The number of accounts in arrears over 90 days at end-March was 59,696 (8 per cent of total), reflecting a quarter-on-quarter decline of 3.6 per cent. This represents the tenth consecutive decline in the number of PDH accounts in arrears over 90 days.
All maturity categories of arrears, including the over 720 days’ category, declined in Q1 2016. This category recorded a third consecutive decline, having fallen for the first time in Q3 2015.
Some 120,447 PDH mortgage accounts were classified as restructured at end-March.

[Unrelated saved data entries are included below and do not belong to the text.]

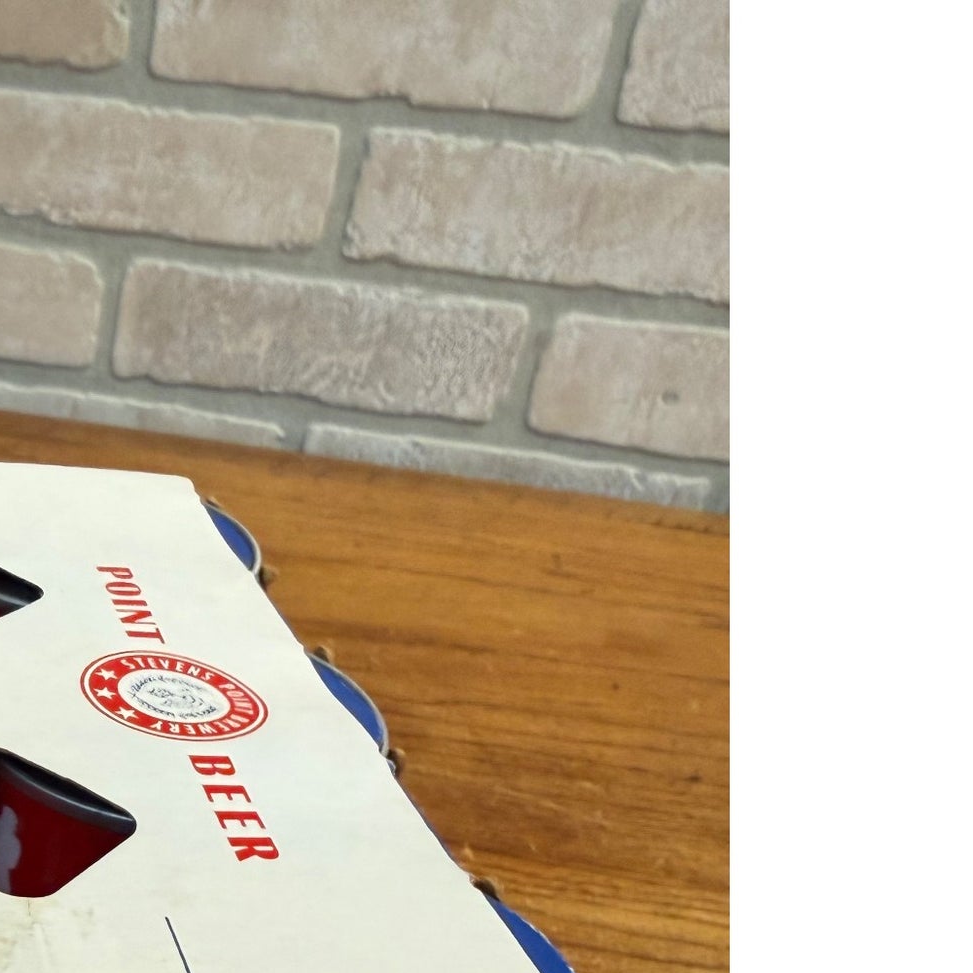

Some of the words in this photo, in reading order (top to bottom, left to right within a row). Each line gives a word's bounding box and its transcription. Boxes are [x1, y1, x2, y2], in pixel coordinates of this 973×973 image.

[96, 566, 166, 645] POINT
[120, 657, 215, 683] STEVENS
[218, 682, 254, 717] POINT
[149, 713, 255, 736] BREWERY
[188, 755, 280, 862] BEER
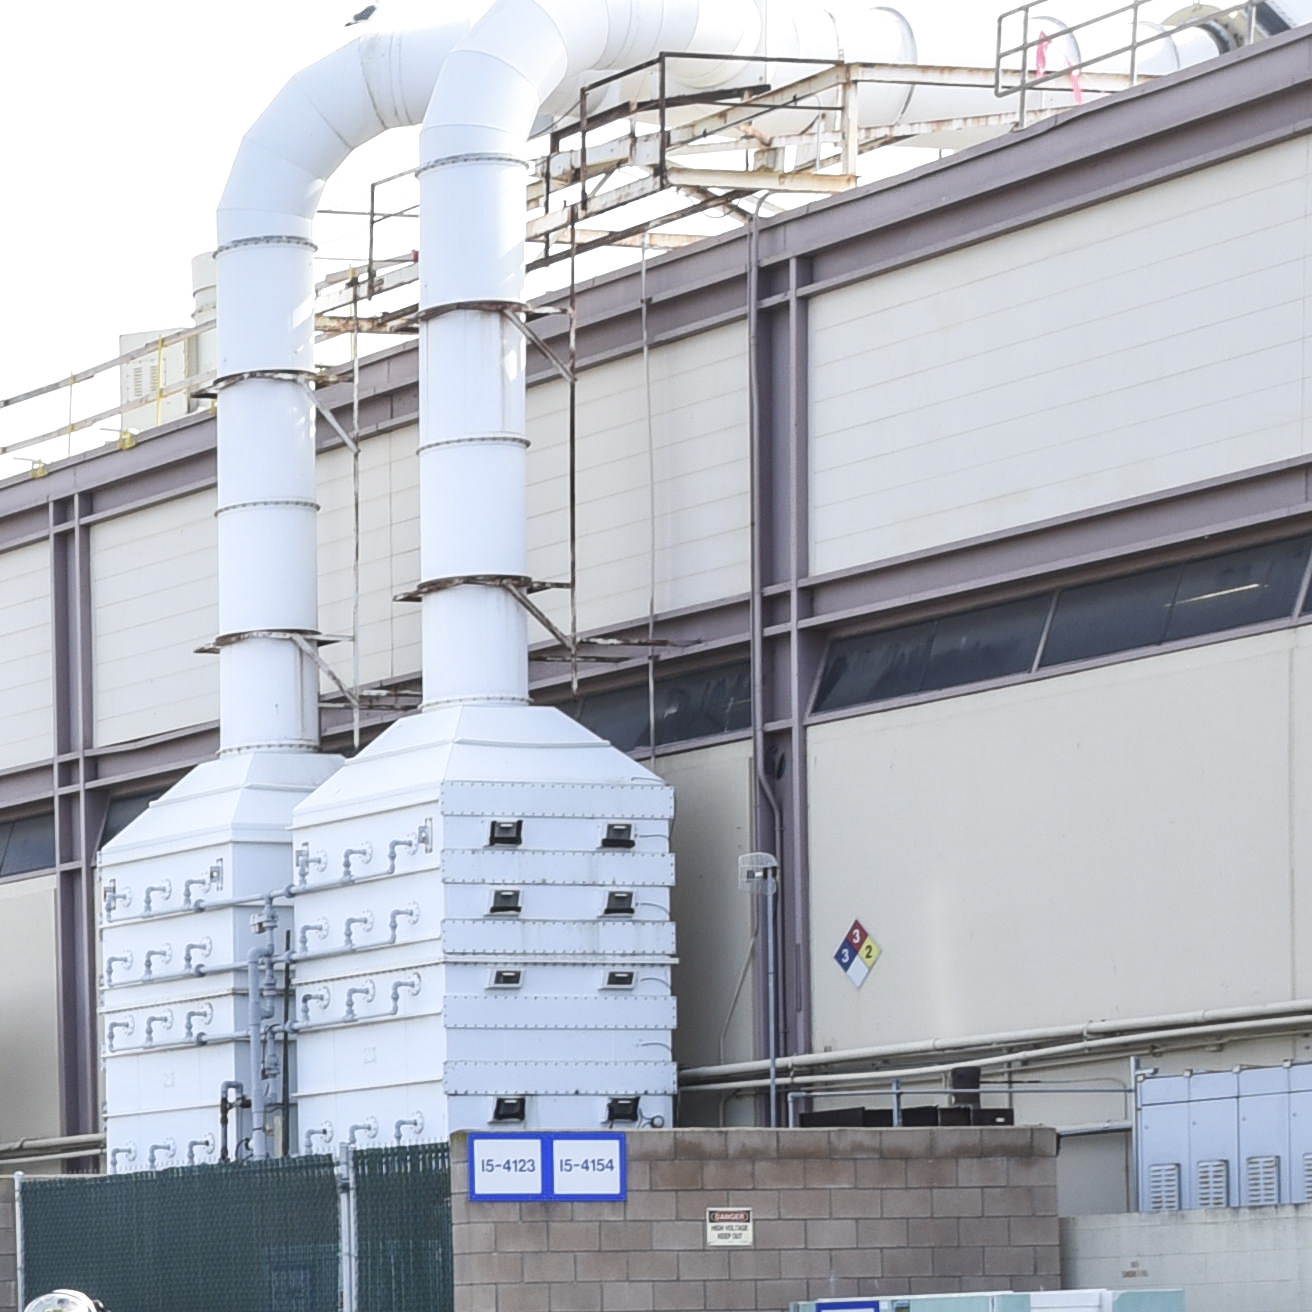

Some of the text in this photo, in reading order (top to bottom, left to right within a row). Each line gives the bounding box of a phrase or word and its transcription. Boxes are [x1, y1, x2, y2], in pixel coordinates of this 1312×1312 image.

[852, 929, 861, 944] 3
[841, 945, 873, 963] 3 2
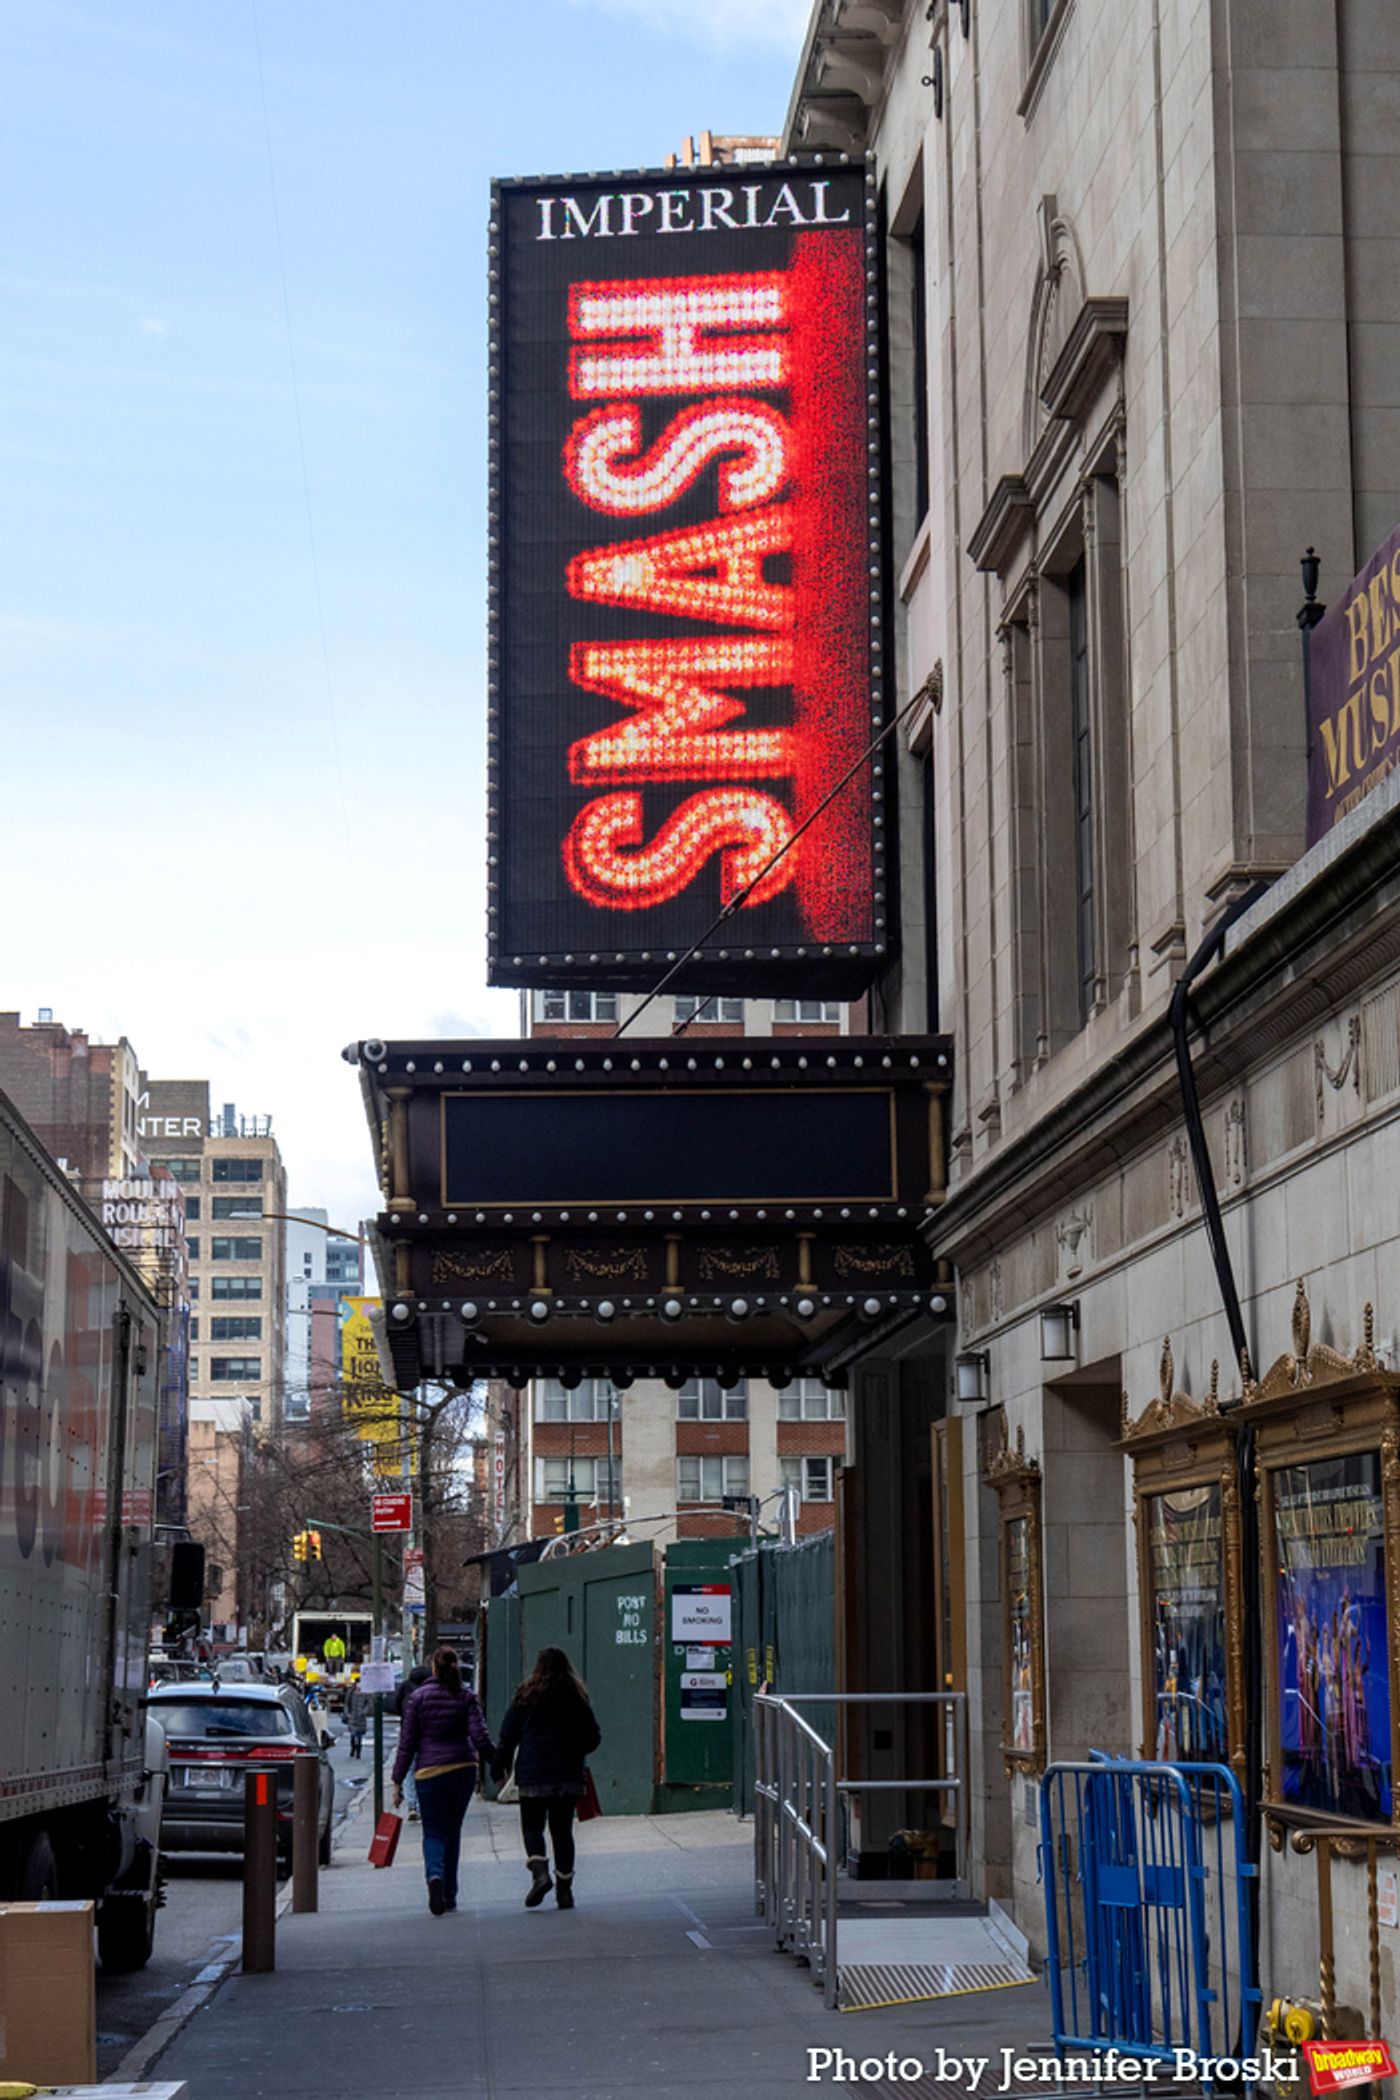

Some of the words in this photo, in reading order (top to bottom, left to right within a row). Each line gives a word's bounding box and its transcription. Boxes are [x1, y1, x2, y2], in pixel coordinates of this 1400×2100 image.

[536, 181, 850, 240] IMPERIAL
[563, 270, 797, 912] SMASH
[136, 1117, 201, 1137] NTER
[102, 1179, 178, 1199] MOULIN
[494, 1442, 505, 1523] HOTEL
[616, 1596, 646, 1609] POST
[696, 1606, 709, 1615] NO
[623, 1612, 640, 1628] NO
[682, 1616, 723, 1625] SMOKING
[616, 1630, 648, 1644] BILLS
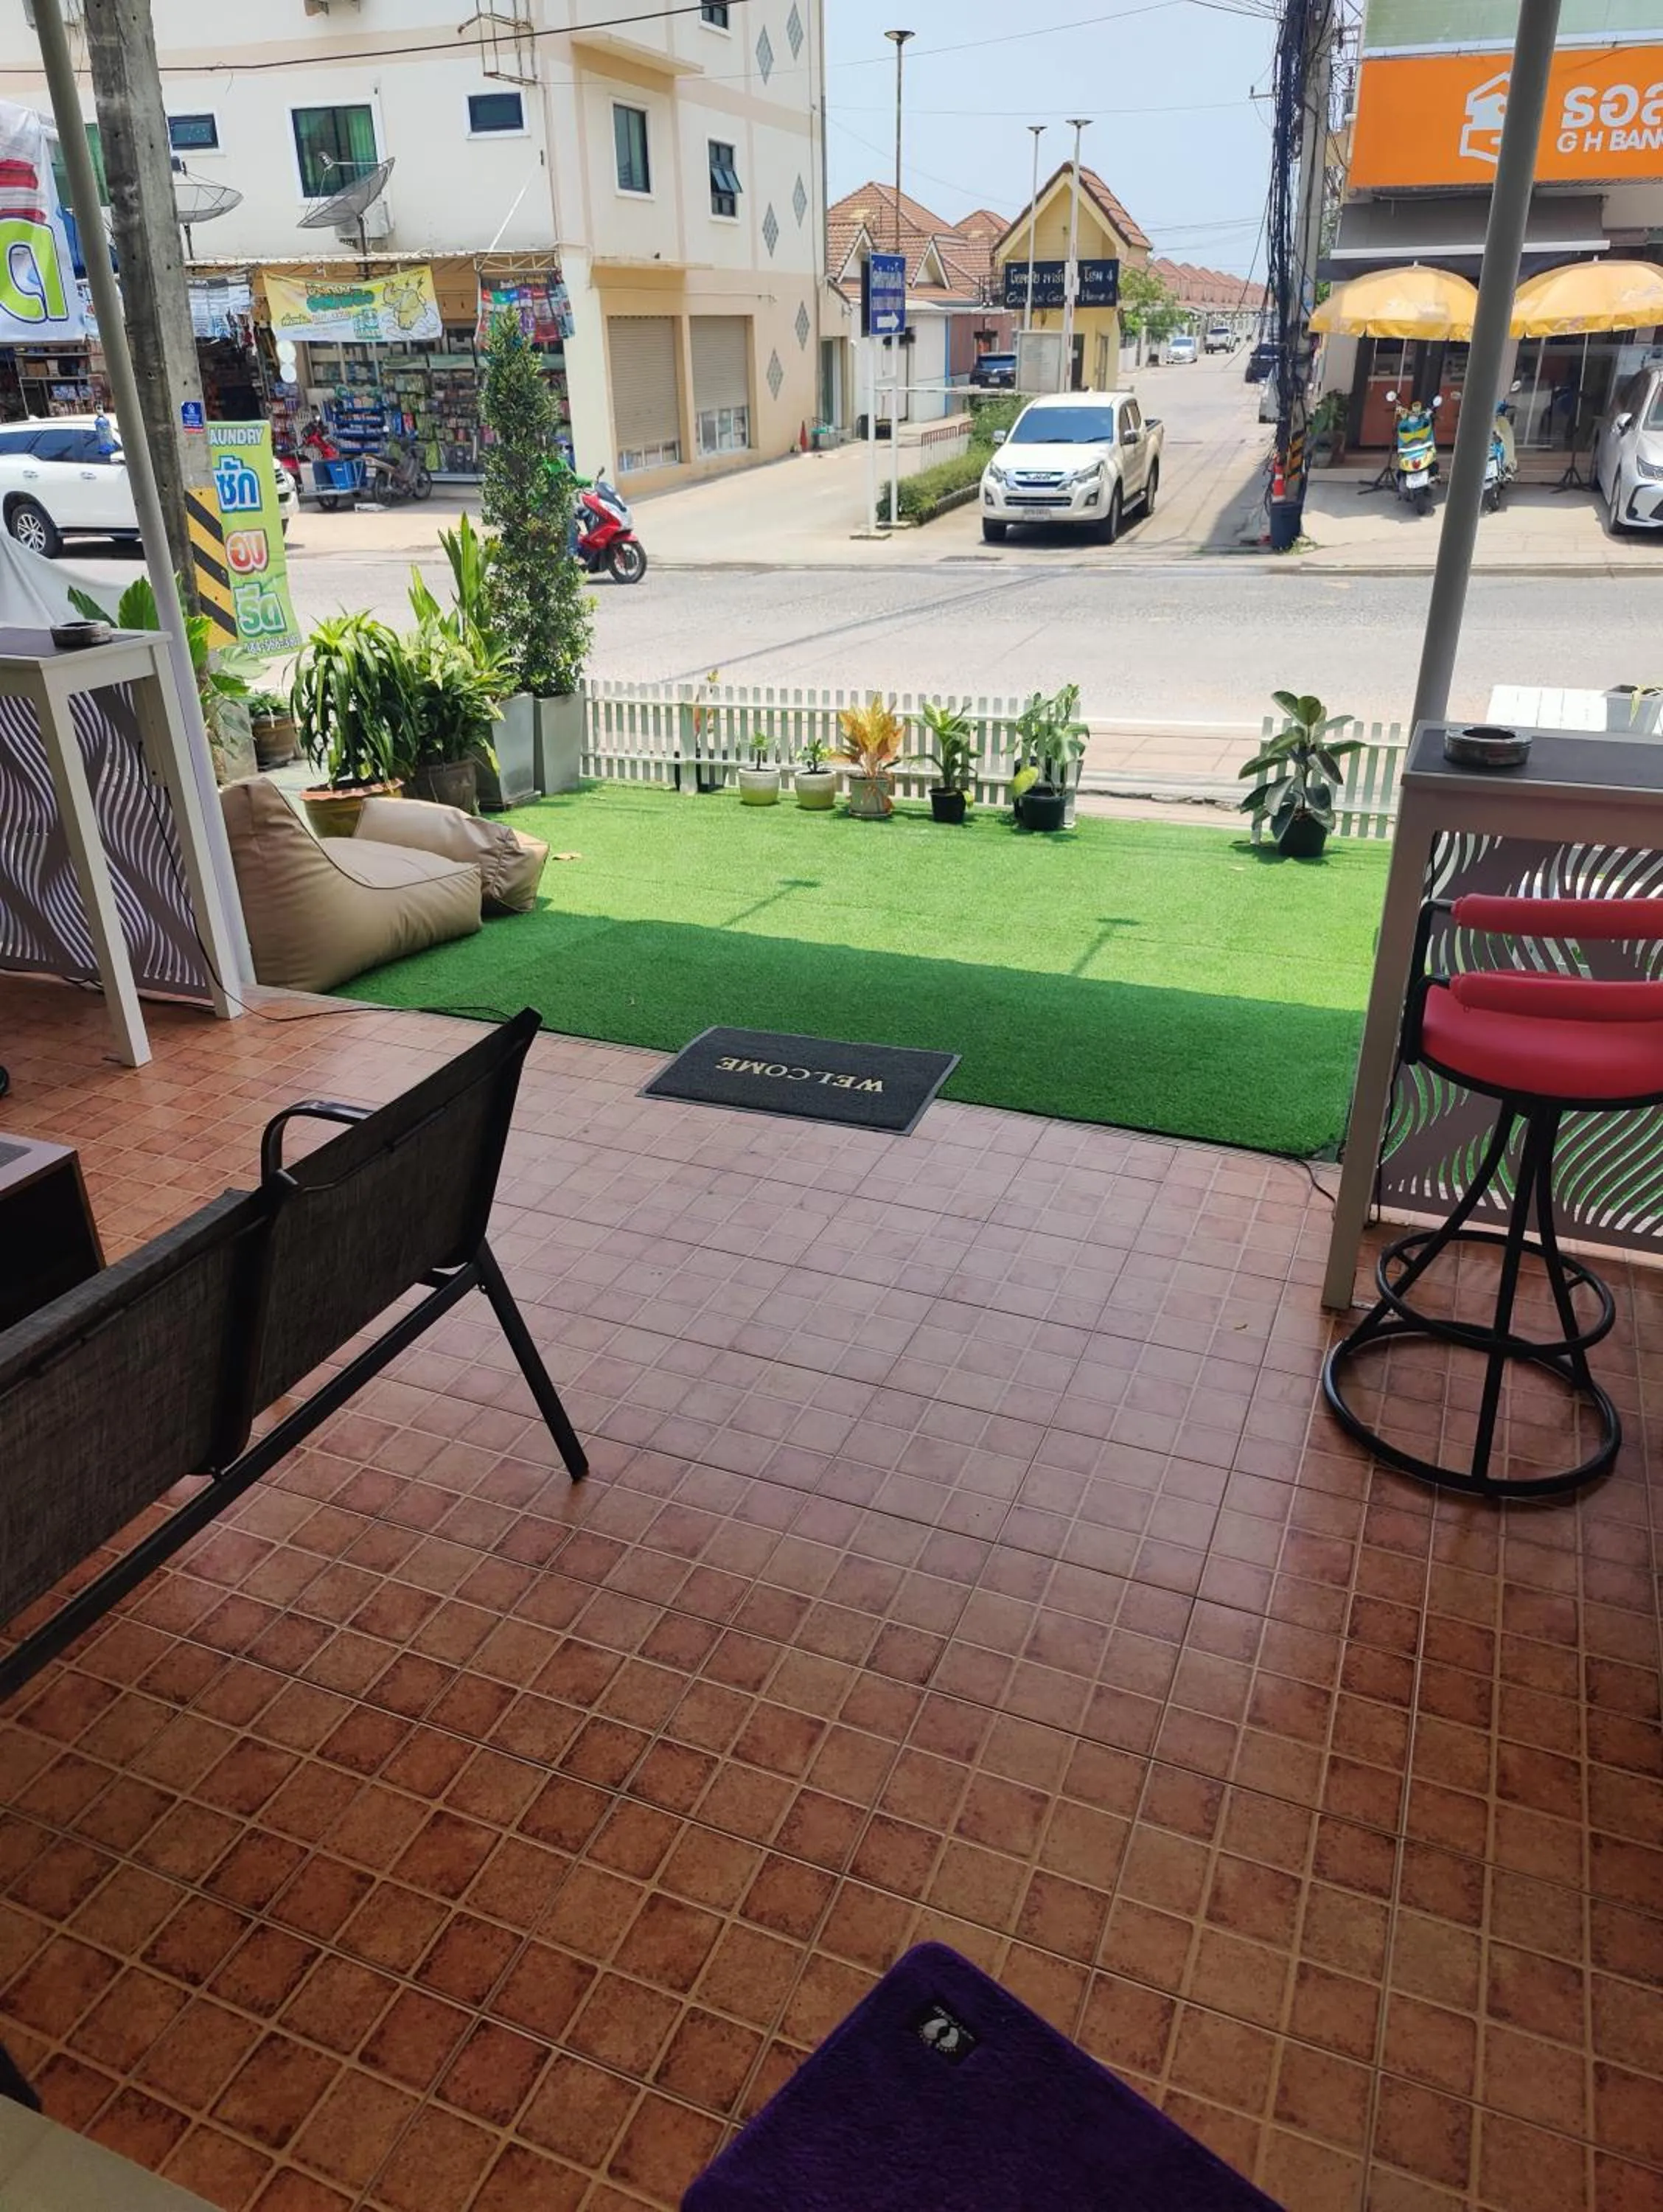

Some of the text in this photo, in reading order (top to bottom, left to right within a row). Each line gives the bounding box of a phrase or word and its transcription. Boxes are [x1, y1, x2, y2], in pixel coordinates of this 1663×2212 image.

[1608, 128, 1663, 151] BAN
[209, 428, 263, 445] AUNDRY
[715, 1057, 884, 1092] WELCOME

Of these restructured accounts, 87 per cent were deemed to be meeting the terms of their current restructure arrangement; the highest level since the series began. The largest increases in restructures were recorded in the categories of arrears capitalisation and permanent split mortgages.
Buy-to-let (BTL) mortgage accounts in arrears over 90 days decreased by 3.5 per cent during the first quarter of 2016. At end-March there were 14,924 BTL accounts in arrears over 720 days, with an outstanding balance of €4.4 billion, equivalent to 17 per cent of the total outstanding balance on all BTL mortgage accounts.
There has been a decrease of 4.8 per cent in the number of BTL accounts where a rent receiver was appointed, following an increase of 30.5 per cent in the previous quarter.
Non-bank entities now hold 47,409 mortgage accounts for PDH and BTL combined. Of this number, 19,081 were in arrears of more than 90 days, with 13,013 of these in arrears over 720 days at end-March. The equivalent figures for PDH mortgage accounts were 14,443 accounts in arrears over 90 days, and 9,356 in arrears of more than 720 days.


----------